▸ What is expected:
Using the listing below, please print exactly the lines from the one with "this 1714×1135 image." through the one with "Some of the words". Leave out every picture.

▸ Provided records:

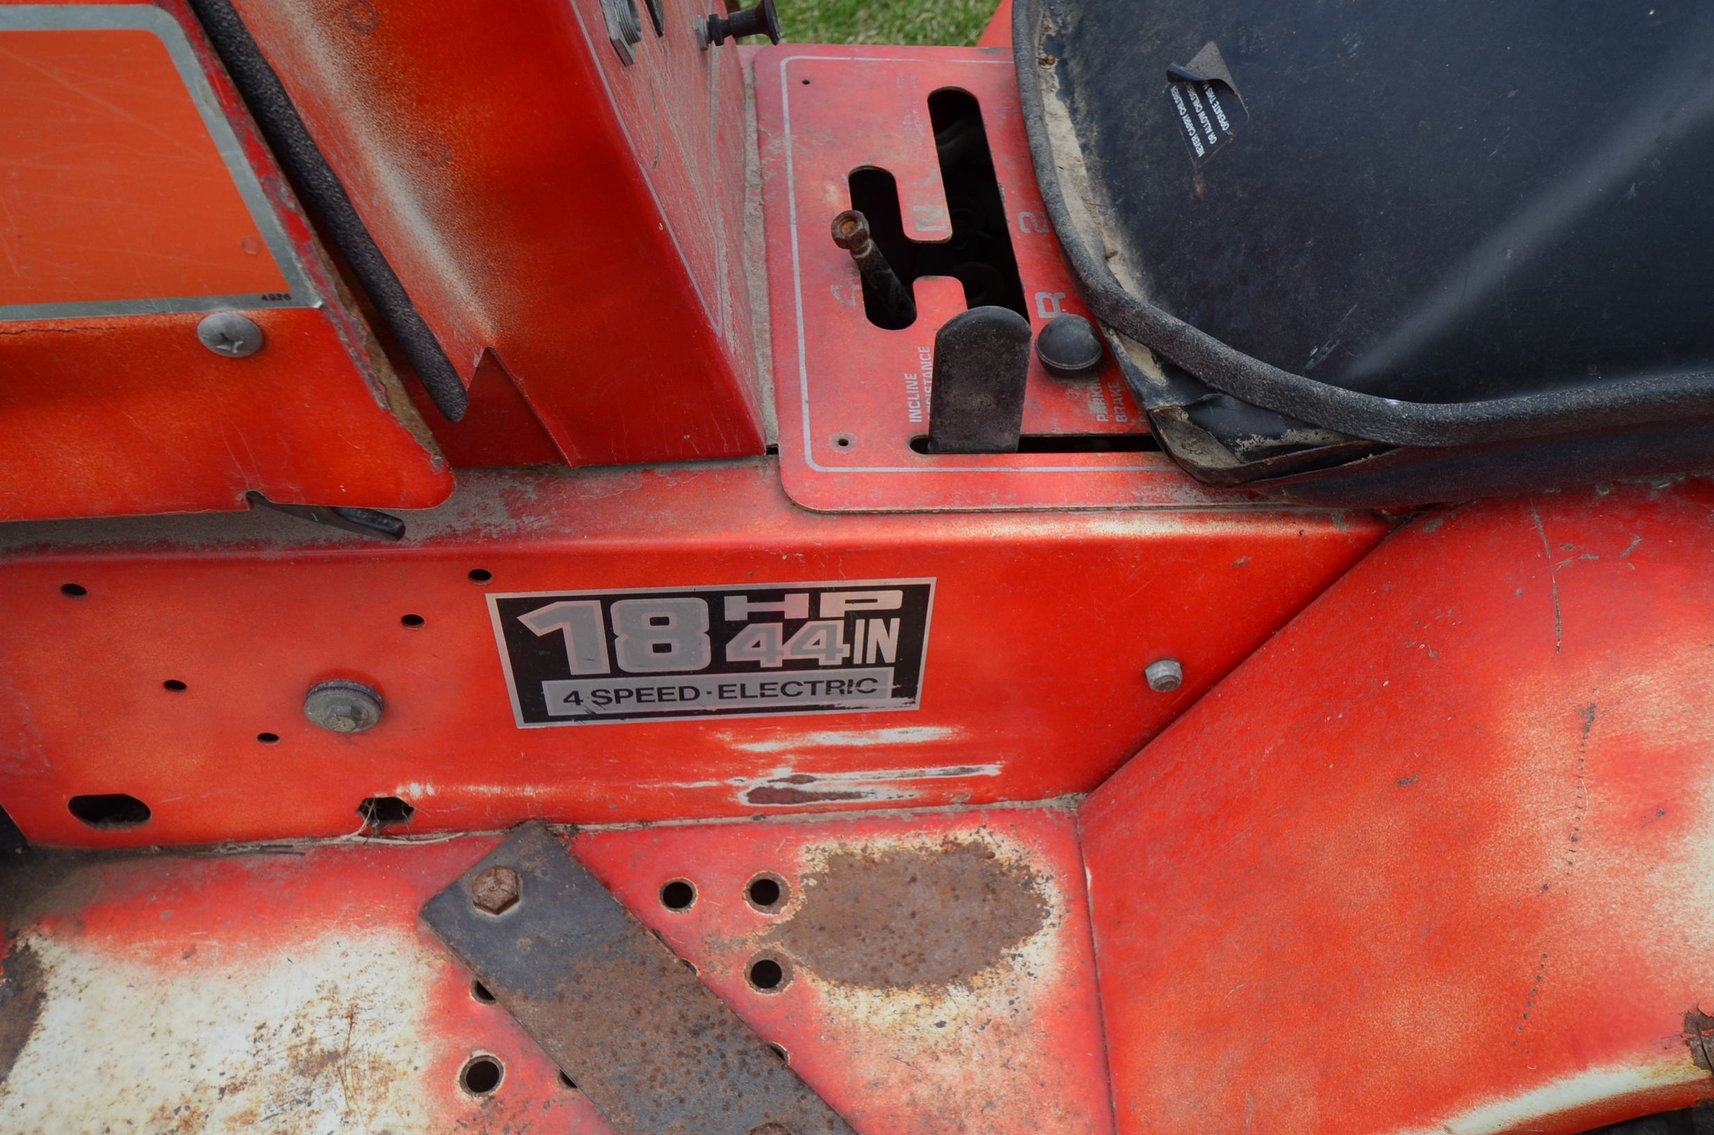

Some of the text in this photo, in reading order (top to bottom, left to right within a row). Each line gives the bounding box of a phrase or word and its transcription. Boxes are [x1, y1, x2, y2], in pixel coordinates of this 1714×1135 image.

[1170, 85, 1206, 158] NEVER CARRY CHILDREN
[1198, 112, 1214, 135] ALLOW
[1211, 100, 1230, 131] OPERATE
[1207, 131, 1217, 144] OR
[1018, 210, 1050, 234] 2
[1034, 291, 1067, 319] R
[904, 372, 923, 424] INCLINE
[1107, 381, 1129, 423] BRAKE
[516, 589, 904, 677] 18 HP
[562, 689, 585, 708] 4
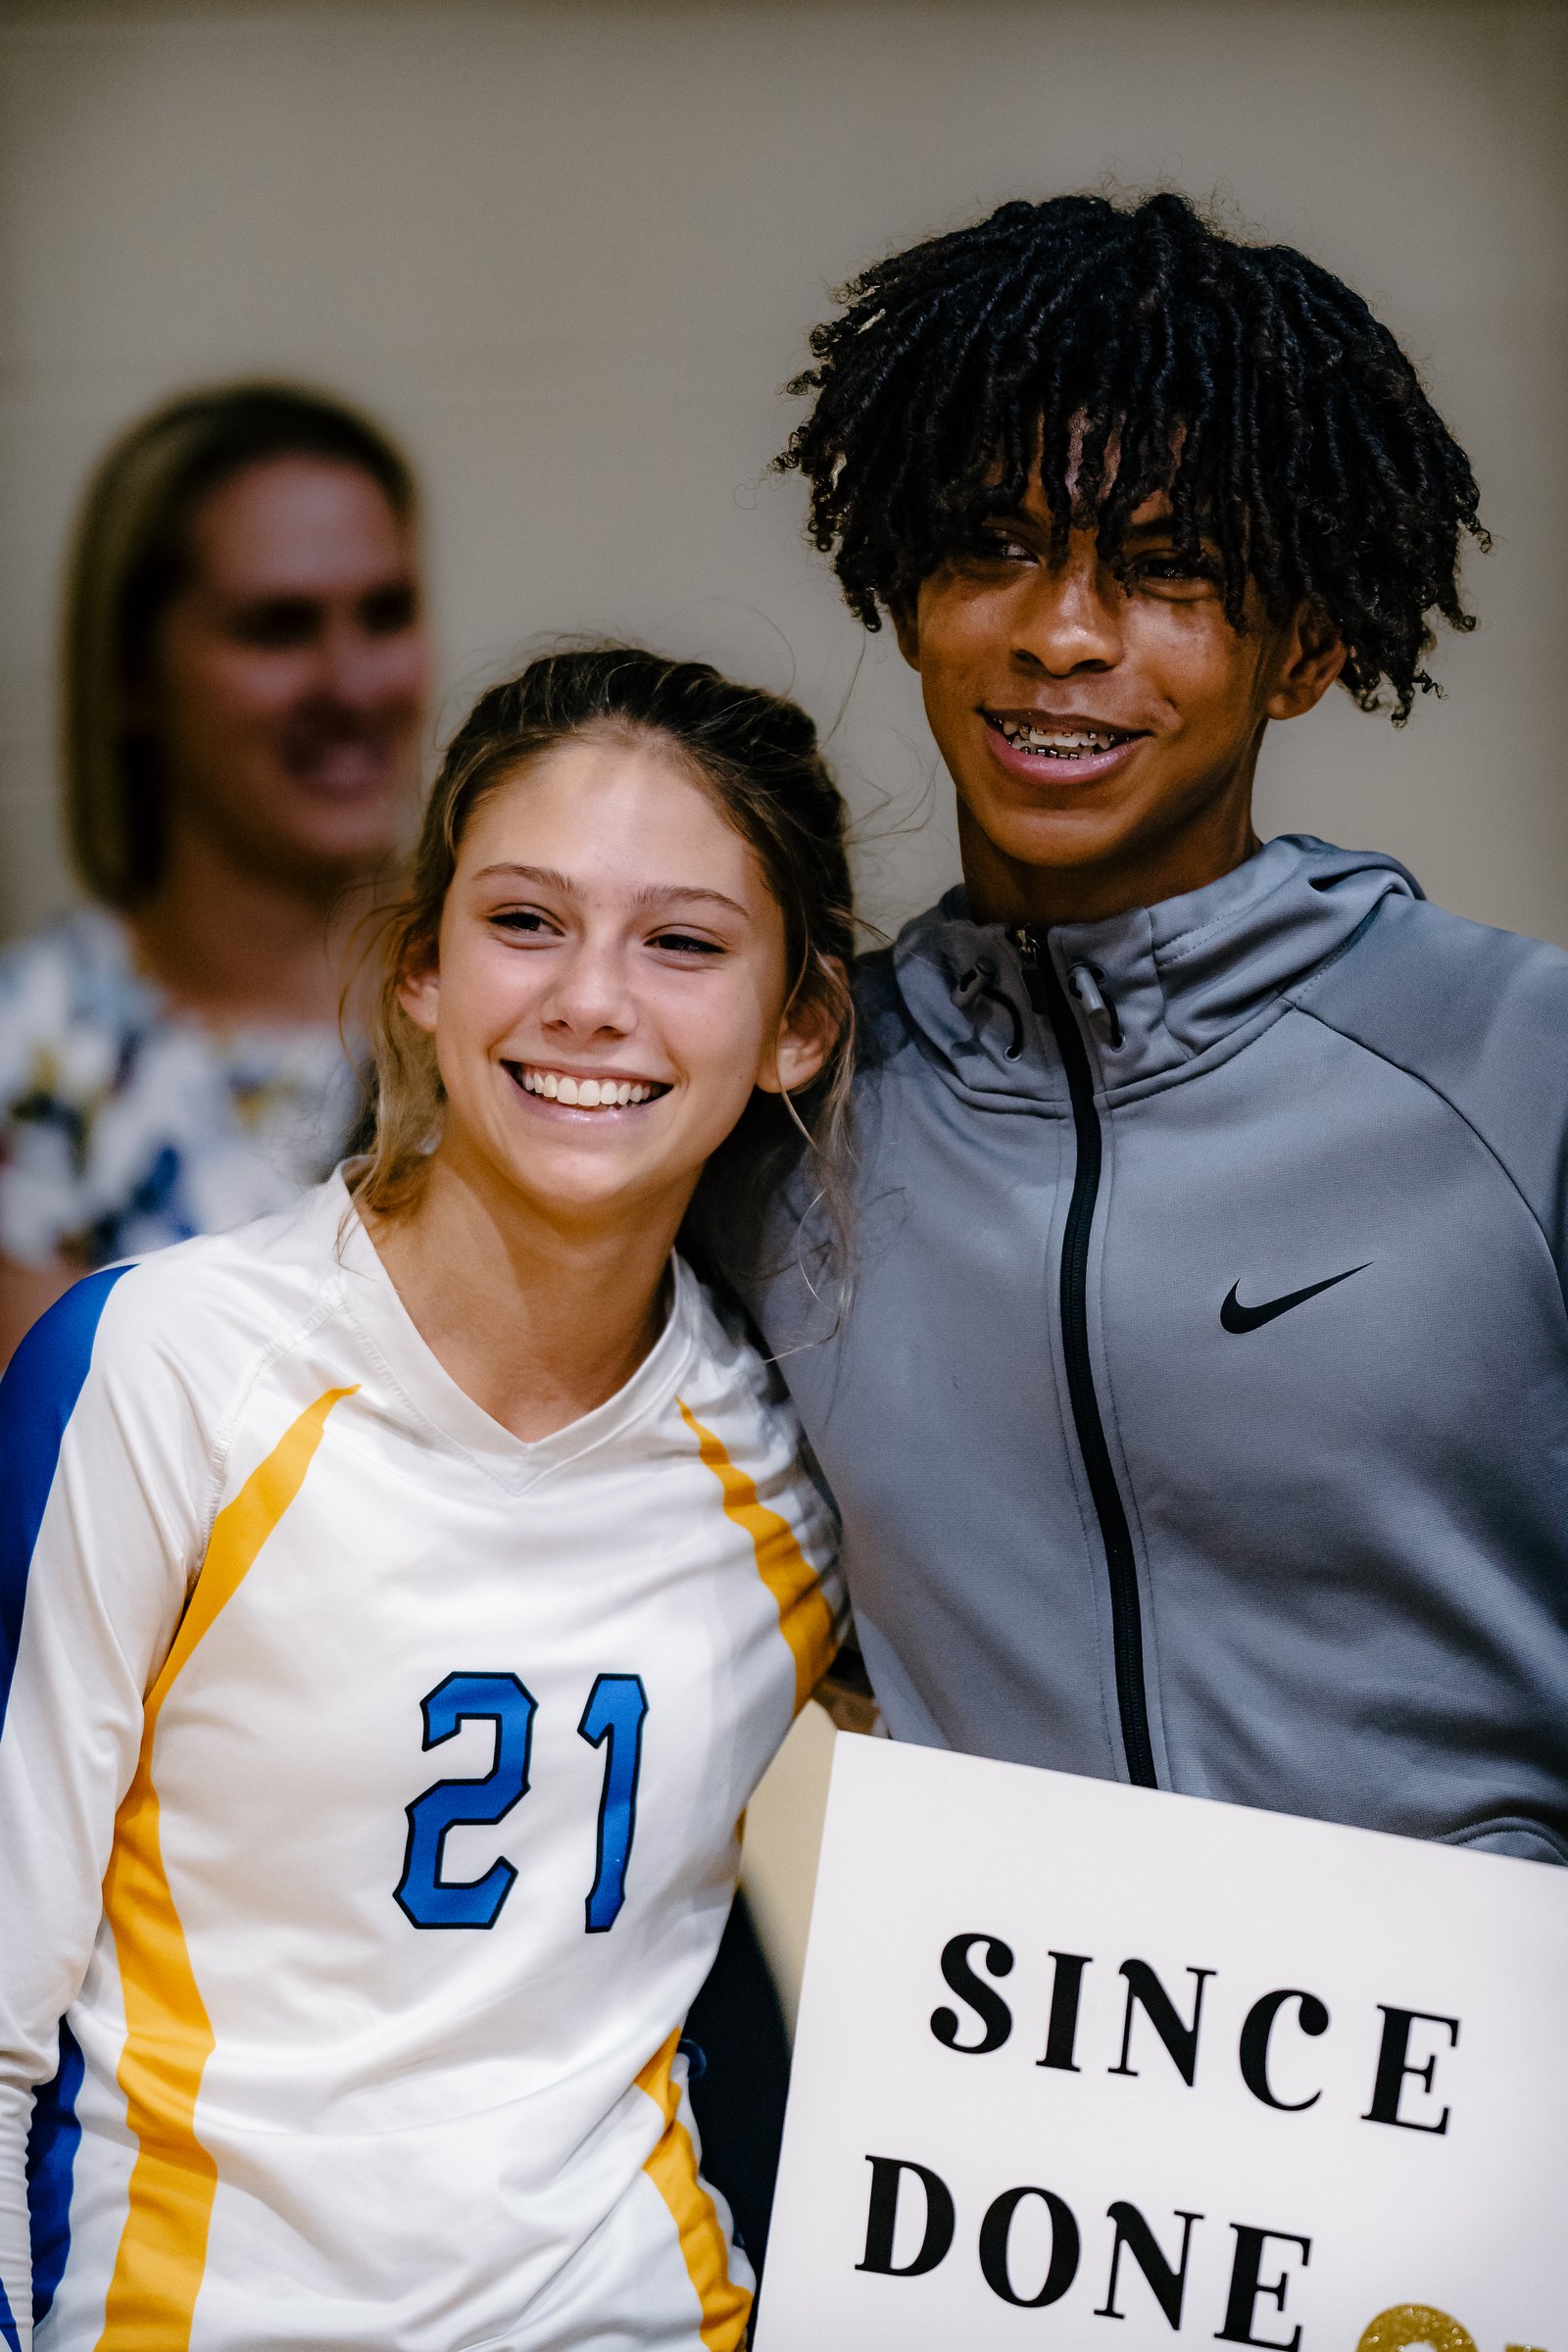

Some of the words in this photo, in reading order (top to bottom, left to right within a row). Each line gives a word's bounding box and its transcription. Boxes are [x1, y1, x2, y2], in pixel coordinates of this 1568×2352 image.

---

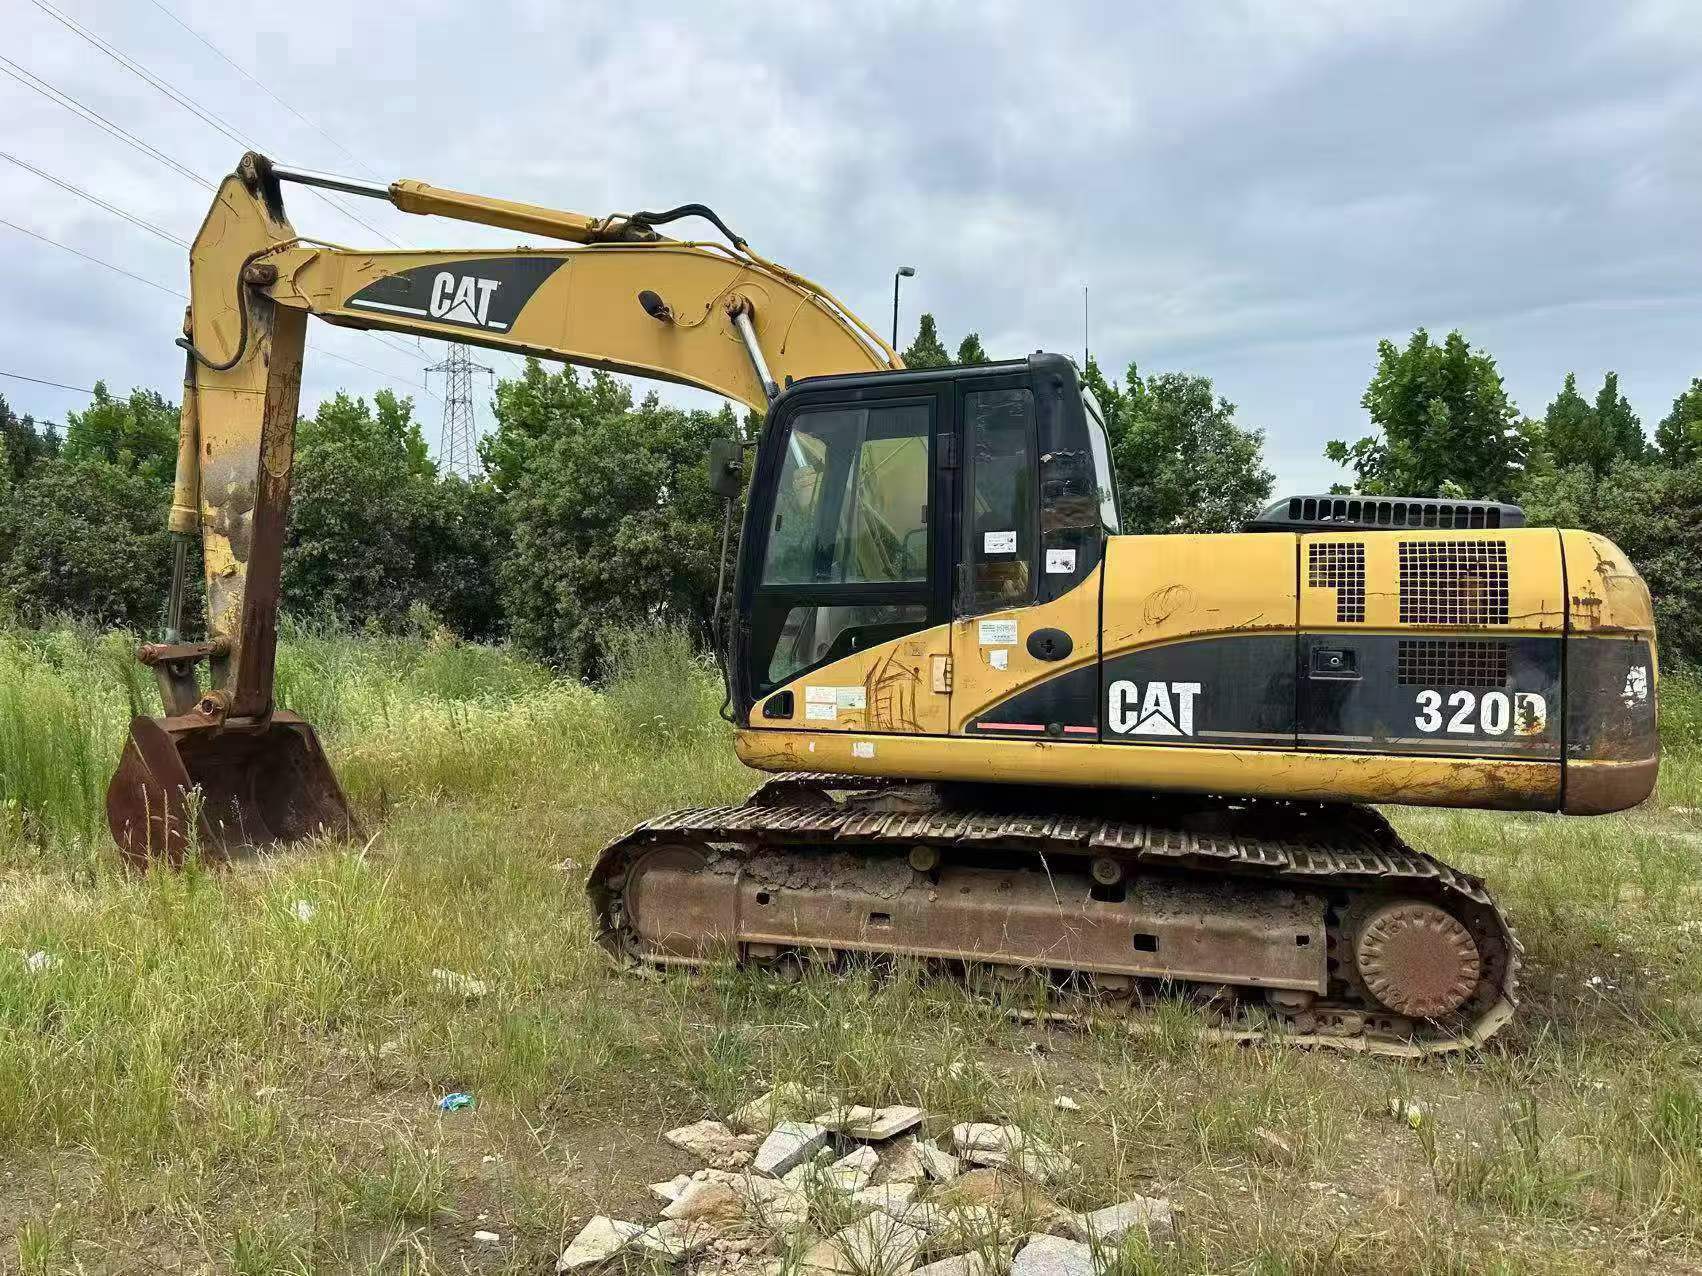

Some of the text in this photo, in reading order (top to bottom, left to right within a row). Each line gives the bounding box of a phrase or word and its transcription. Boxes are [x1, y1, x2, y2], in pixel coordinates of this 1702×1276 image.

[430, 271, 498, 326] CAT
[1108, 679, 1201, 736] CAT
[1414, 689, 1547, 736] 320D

▸ Solution to this exercise:
Some of the text in this photo, in reading order (top to bottom, left to right within a row). Each line gives the bounding box of a phrase or word and its transcription. Boxes are [x1, y1, x2, y2], in pixel coordinates of this 1714×1135 image.

[1170, 85, 1206, 158] NEVER CARRY CHILDREN
[1198, 112, 1214, 135] ALLOW
[1211, 100, 1230, 131] OPERATE
[1207, 131, 1217, 144] OR
[1018, 210, 1050, 234] 2
[1034, 291, 1067, 319] R
[904, 372, 923, 424] INCLINE
[1107, 381, 1129, 423] BRAKE
[516, 589, 904, 677] 18 HP
[562, 689, 585, 708] 4

Some of the words in this photo, in reading order (top to bottom, left to right within a row). Each line gives a word's bounding box and its transcription. Boxes are [x1, y1, x2, y2], in pixel coordinates of this 1568×2352 image.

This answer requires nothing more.